Note how in both scenarios it was absolutely necessary to interrogate the transmitter’s microprocessor registers with a HART communicator to determine where the error was located. Merely comparing the pressure and current standards’ indications was not enough to tell us any more than the fact we had some sort of calibration error inside the transmitter. Not until we viewed the microprocessor’s own values of PV and AO could we determine whether the calibration error was related to the ADC (input), the DAC (output), or perhaps even both.
Sadly, I have witnessed technicians attempt to use the LRV and URV settings in a manner not unlike the zero and span adjustments on an analog transmitter to correct errors such as these.
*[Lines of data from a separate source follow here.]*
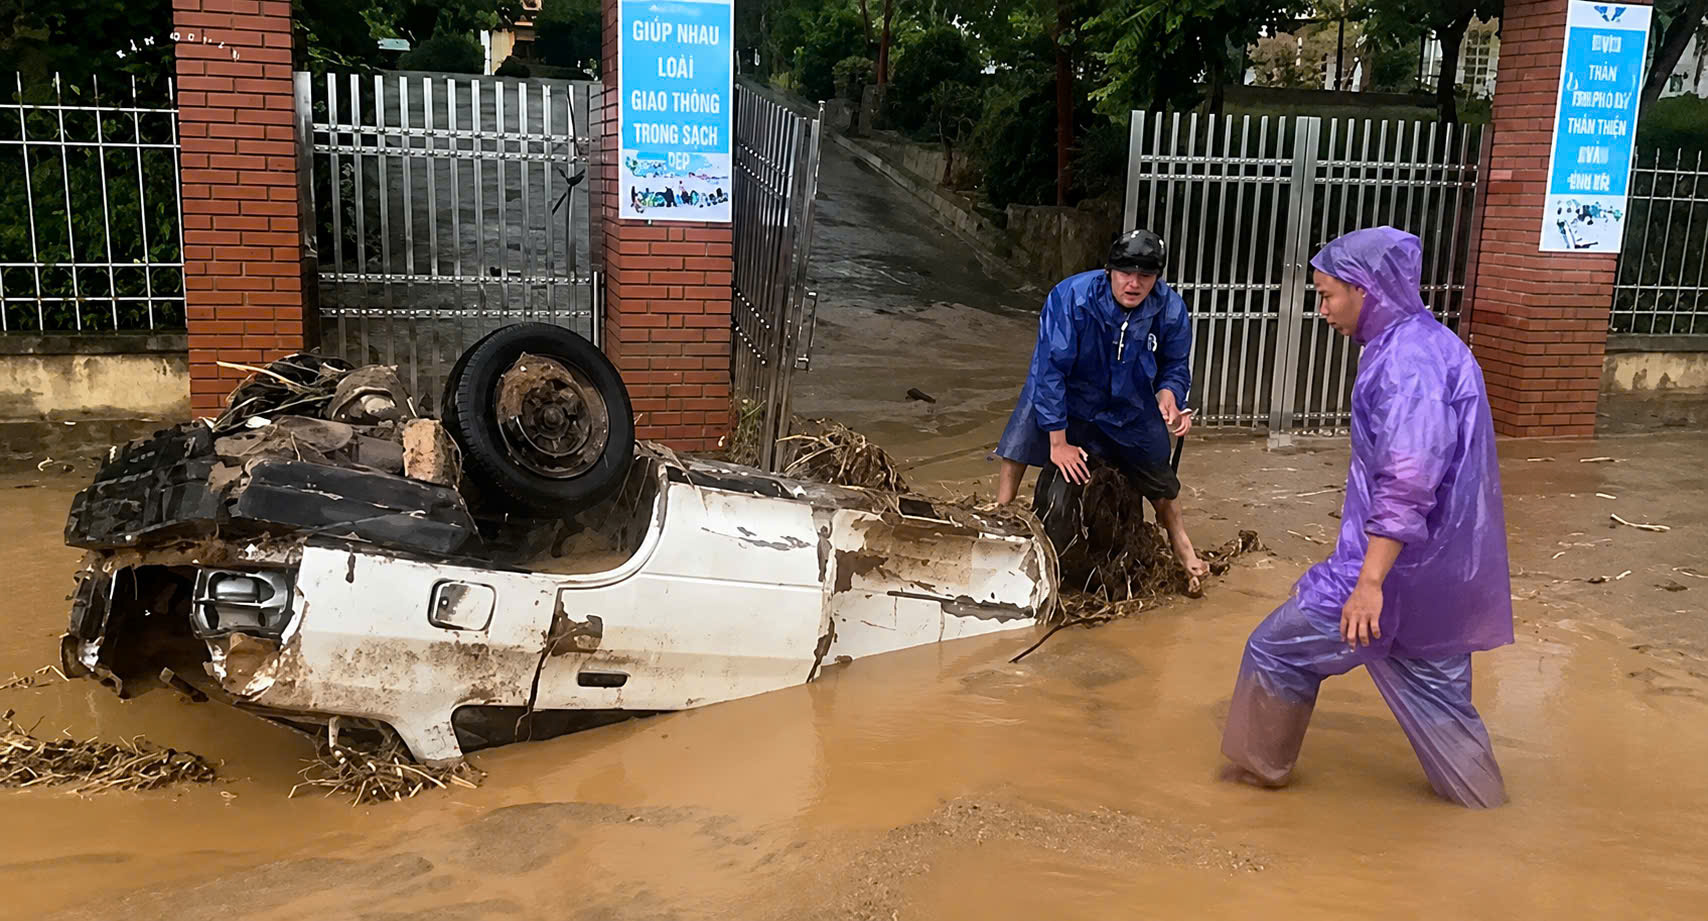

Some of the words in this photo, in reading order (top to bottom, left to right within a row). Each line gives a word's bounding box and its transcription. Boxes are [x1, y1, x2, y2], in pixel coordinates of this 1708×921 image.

[632, 15, 673, 42] GIÚP
[677, 23, 720, 45] NHAU
[631, 89, 668, 112] GIAO
[633, 122, 679, 144] TRONG
[682, 124, 718, 150] SẠCH
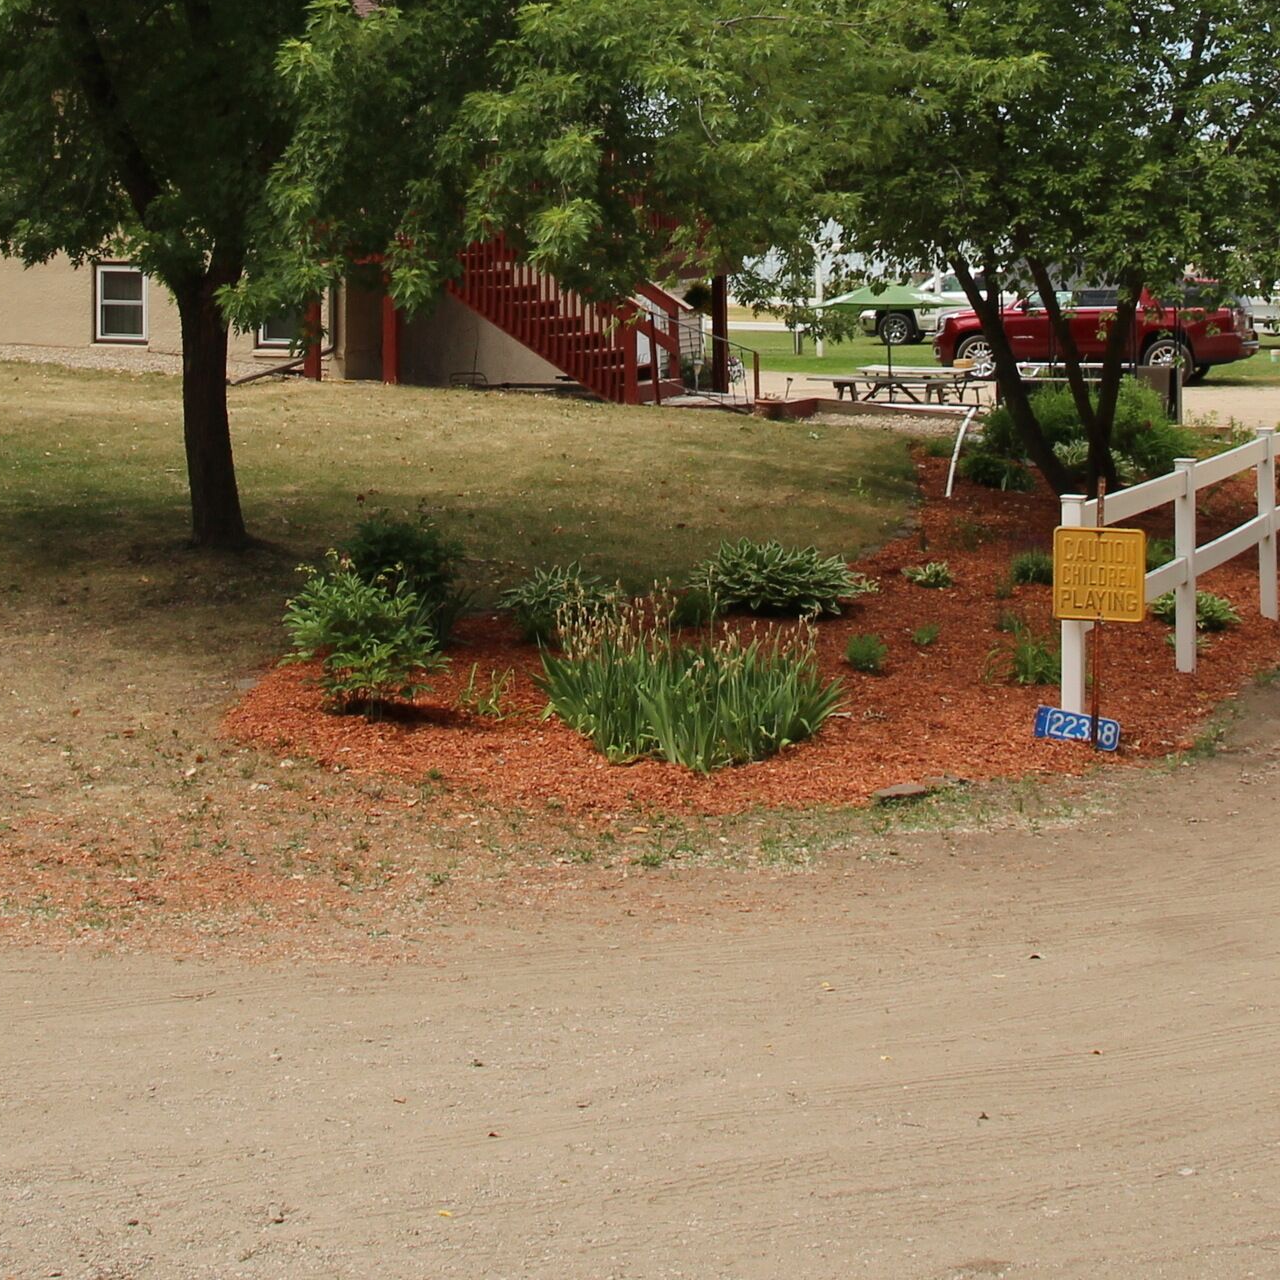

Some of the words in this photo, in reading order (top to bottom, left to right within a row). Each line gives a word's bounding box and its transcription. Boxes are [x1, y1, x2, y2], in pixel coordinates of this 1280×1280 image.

While it may be possible to get an out-of-calibration transmitter to yield correct output current signal values over its calibrated range of input values by skewing the LRV and URV settings, it defeats the purpose of having separate “trim” and “range” settings inside the transmitter.
Also, it causes confusion if ever the control system connected to the transmitter interrogates process variable values digitally rather than interpreting it via the 4-20 mA loop current signal. Finally, “calibrating” a transmitter by programming it with skewed LRV/URV settings corrupts the accuracy of any intentionally nonlinear functions such as square-root characterization (used for flow measurement applications) or strapping tables (used for liquid level measurement applications in vessels where the cross-sectional area varies with liquid height).
Once digital trims have been performed on both input and output converters, of course, the technician is free to re-range the microprocessor as many times as desired without re-calibration. This capability is particularly useful when re-ranging is desired for special conditions, such as process start-up and shut-down when certain process variables drift into uncommon regions. An instrument technician may use a hand-held HART communicator device to re-set the LRV and URV range values to whatever new values are desired by operations staff without having to re-check calibration by applying known physical stimuli to the instrument.
So long as the ADC and DAC trims are both correct, the overall accuracy of the instrument will still be good with the new range. With analog instruments, the only way to switch to a different measurement range was to change the zero and span adjustments, which necessitated the re-application of physical stimuli to the device (a full re-calibration). Here and here alone we see where calibration is not necessary for a smart instrument. If overall measurement accuracy must be verified, however, there is no substitute for an actual physical calibration, and this entails both ADC and DAC “trim” procedures for a smart instrument.
Completely digital (“Fieldbus”) transmitters are similar to “smart” analog-output transmitters with respect to distinct trim and range adjustments.